EXERCISE DETAILS: Output each entry below as it stands, leaving out every picture.

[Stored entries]
::::::::::

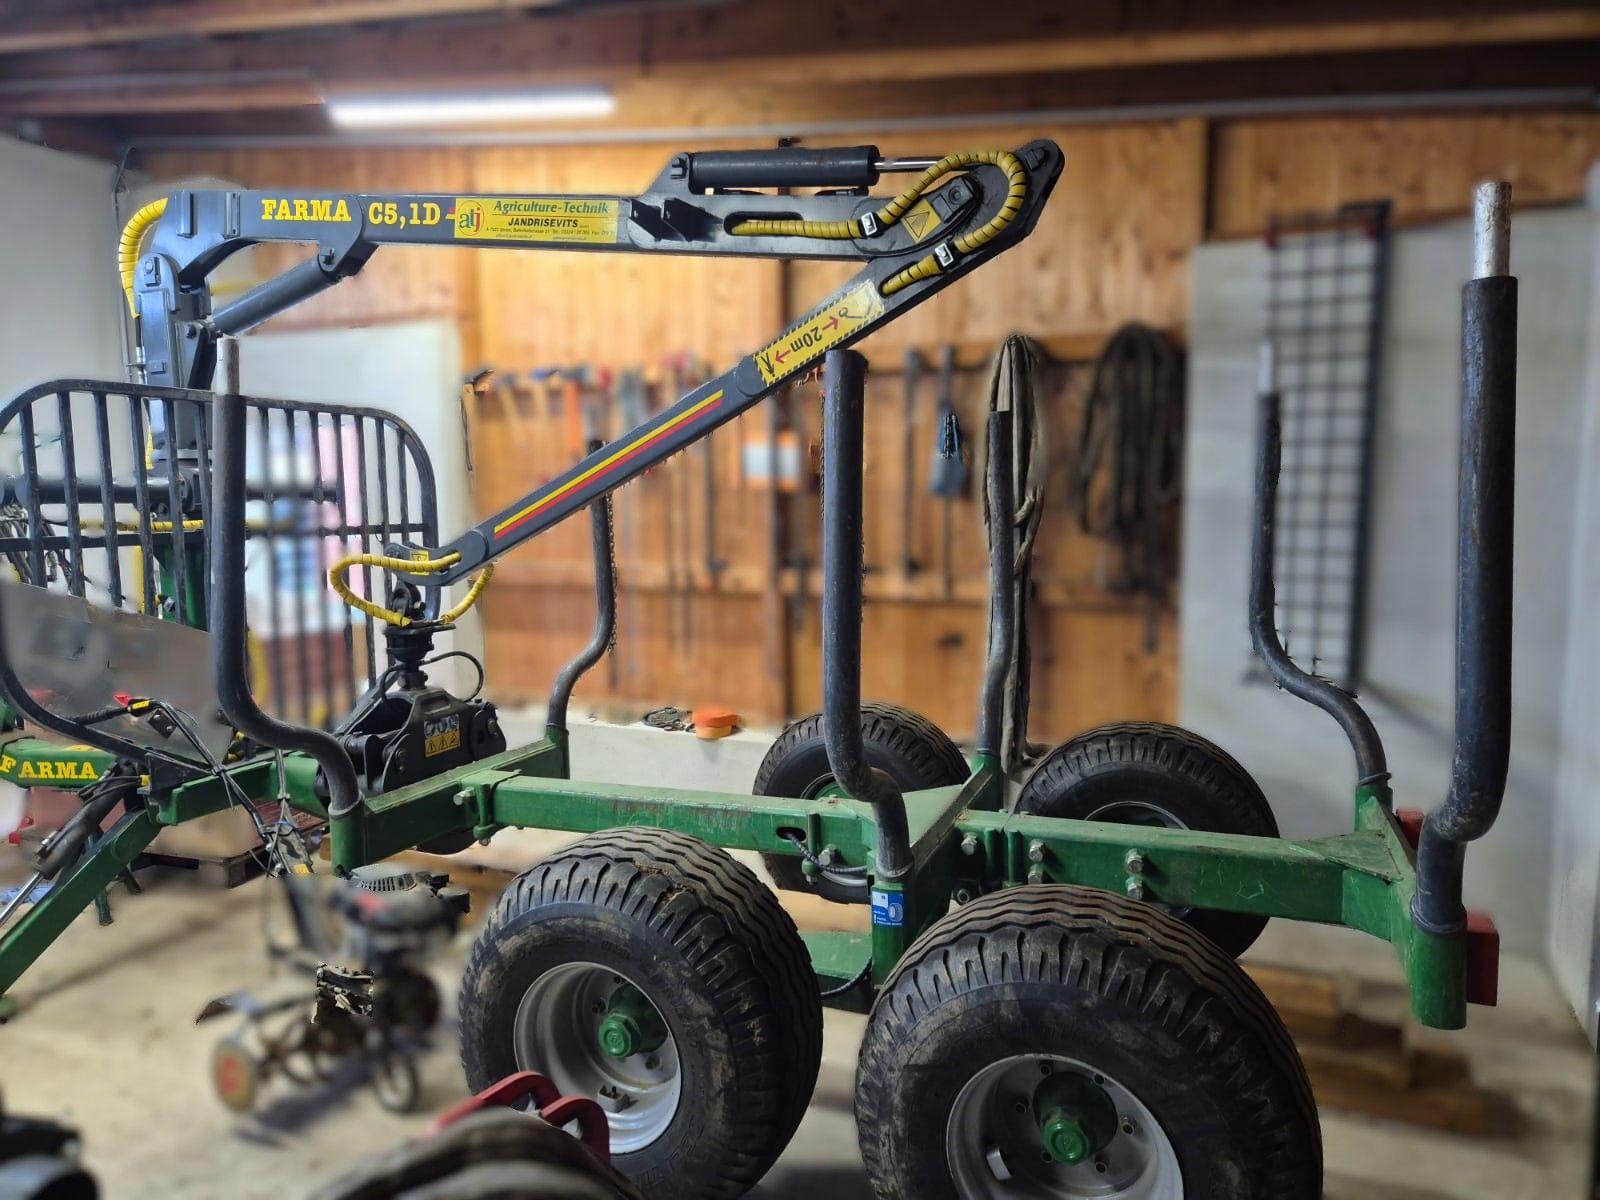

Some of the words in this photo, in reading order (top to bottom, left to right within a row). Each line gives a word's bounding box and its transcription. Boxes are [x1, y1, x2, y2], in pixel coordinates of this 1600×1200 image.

[261, 199, 352, 221] FARMA
[368, 202, 441, 229] C5,1D
[459, 207, 481, 232] atj
[494, 200, 609, 214] Agriculture-Technik
[508, 217, 579, 228] JANDRISEVITS
[790, 326, 823, 352] 20m
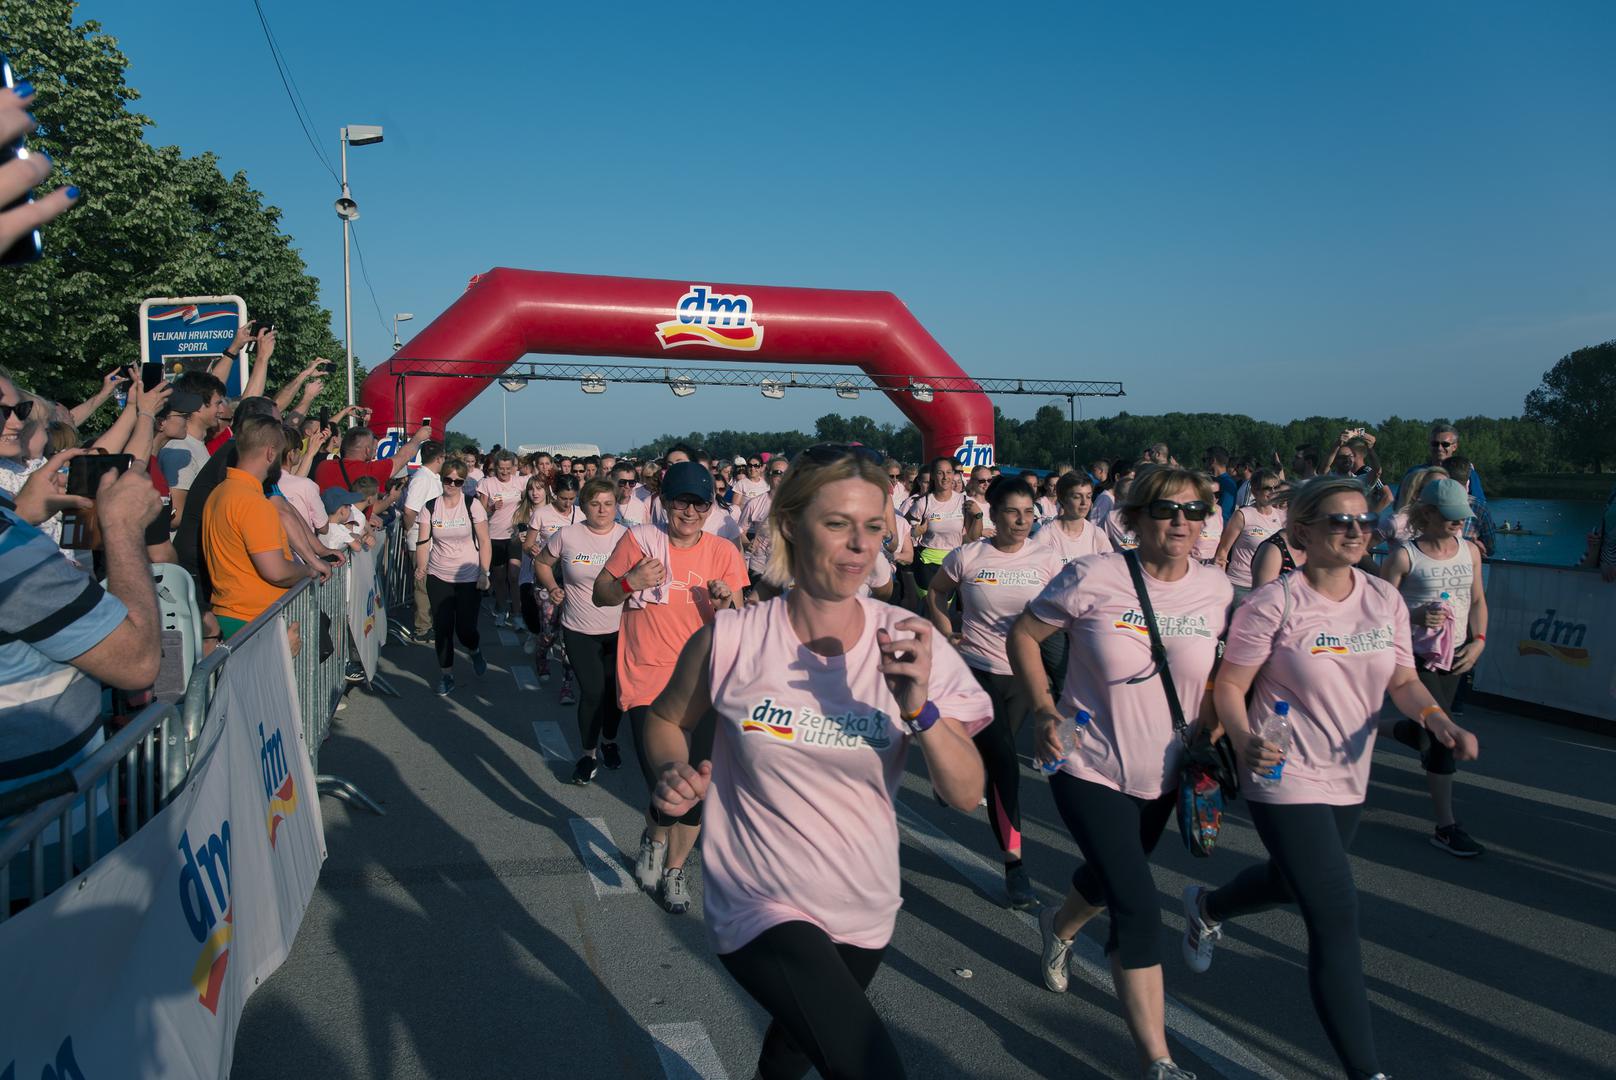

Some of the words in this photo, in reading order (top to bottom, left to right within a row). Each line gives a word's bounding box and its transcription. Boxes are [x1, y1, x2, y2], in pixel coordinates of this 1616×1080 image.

[680, 288, 748, 327] dm
[152, 331, 187, 342] VELIKANI
[188, 329, 234, 340] HRVATSKOG
[178, 342, 208, 352] SPORTA
[954, 439, 993, 467] dm
[575, 552, 590, 561] dm
[977, 569, 996, 579] dm
[1529, 608, 1587, 648] dm
[1315, 632, 1341, 648] dm
[752, 699, 793, 727] dm
[799, 708, 869, 733] ženska
[803, 729, 859, 748] utrka
[258, 721, 288, 803] dm
[178, 819, 232, 944] dm
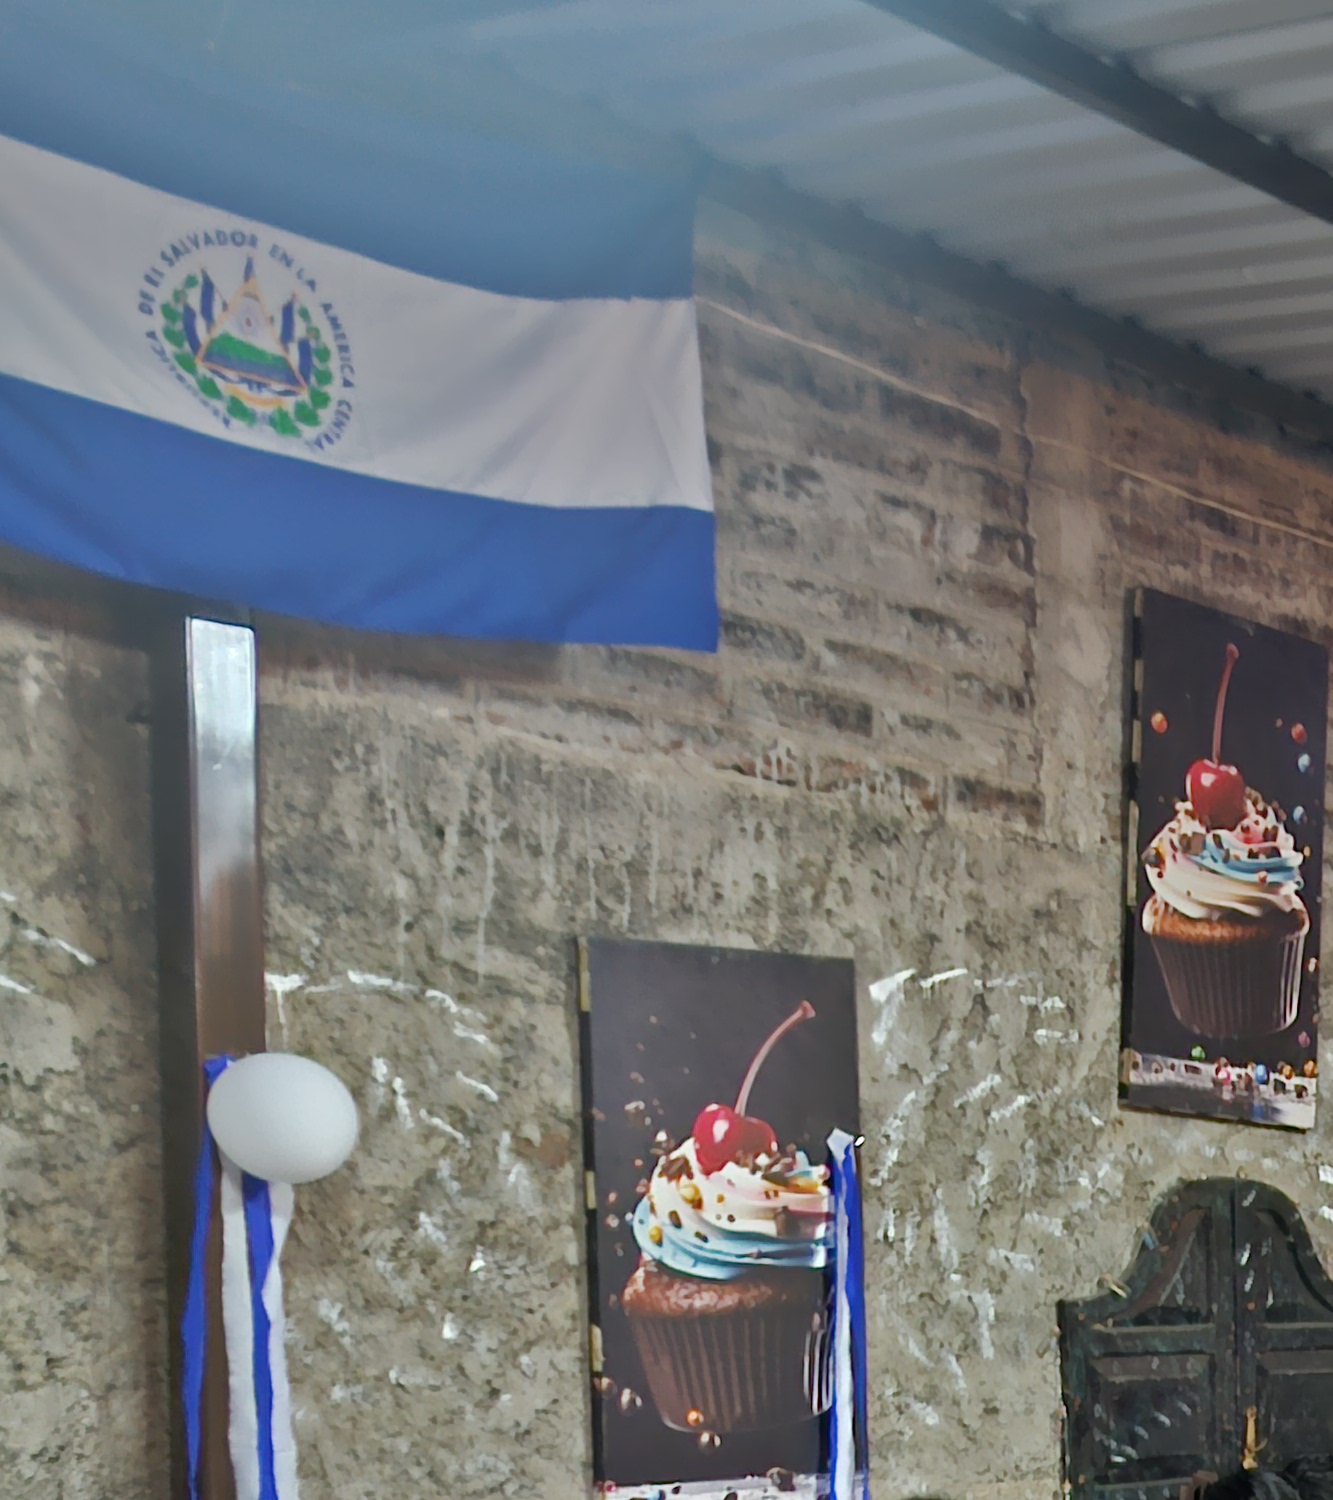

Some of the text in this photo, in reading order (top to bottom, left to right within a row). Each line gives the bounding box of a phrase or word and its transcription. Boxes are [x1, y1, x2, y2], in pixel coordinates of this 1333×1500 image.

::::::::::

TASK SOLUTION:
Some of the words in this photo, in reading order (top to bottom, left to right within a row). Each line gives a word's bounding box and its transcription. Boxes are [x1, y1, x2, y2], in pixel coordinates of this 1600×1200 image.

[261, 199, 352, 221] FARMA
[368, 202, 441, 229] C5,1D
[459, 207, 481, 232] atj
[494, 200, 609, 214] Agriculture-Technik
[508, 217, 579, 228] JANDRISEVITS
[790, 326, 823, 352] 20m

Some of the words in this photo, in reading order (top to bottom, left to right within a row). Each line gives a word's bounding box and its transcription. Boxes are [x1, y1, x2, y2], in pixel coordinates of this 1616×1080 image.

[680, 288, 748, 327] dm
[152, 331, 187, 342] VELIKANI
[188, 329, 234, 340] HRVATSKOG
[178, 342, 208, 352] SPORTA
[954, 439, 993, 467] dm
[575, 552, 590, 561] dm
[977, 569, 996, 579] dm
[1529, 608, 1587, 648] dm
[1315, 632, 1341, 648] dm
[752, 699, 793, 727] dm
[799, 708, 869, 733] ženska
[803, 729, 859, 748] utrka
[258, 721, 288, 803] dm
[178, 819, 232, 944] dm

Some of the text in this photo, in reading order (top to bottom, left to right within a row). Each line gives the bounding box of a phrase or word and its transcription. Boxes are [x1, y1, x2, y2], in pixel coordinates of this 1333×1500 image.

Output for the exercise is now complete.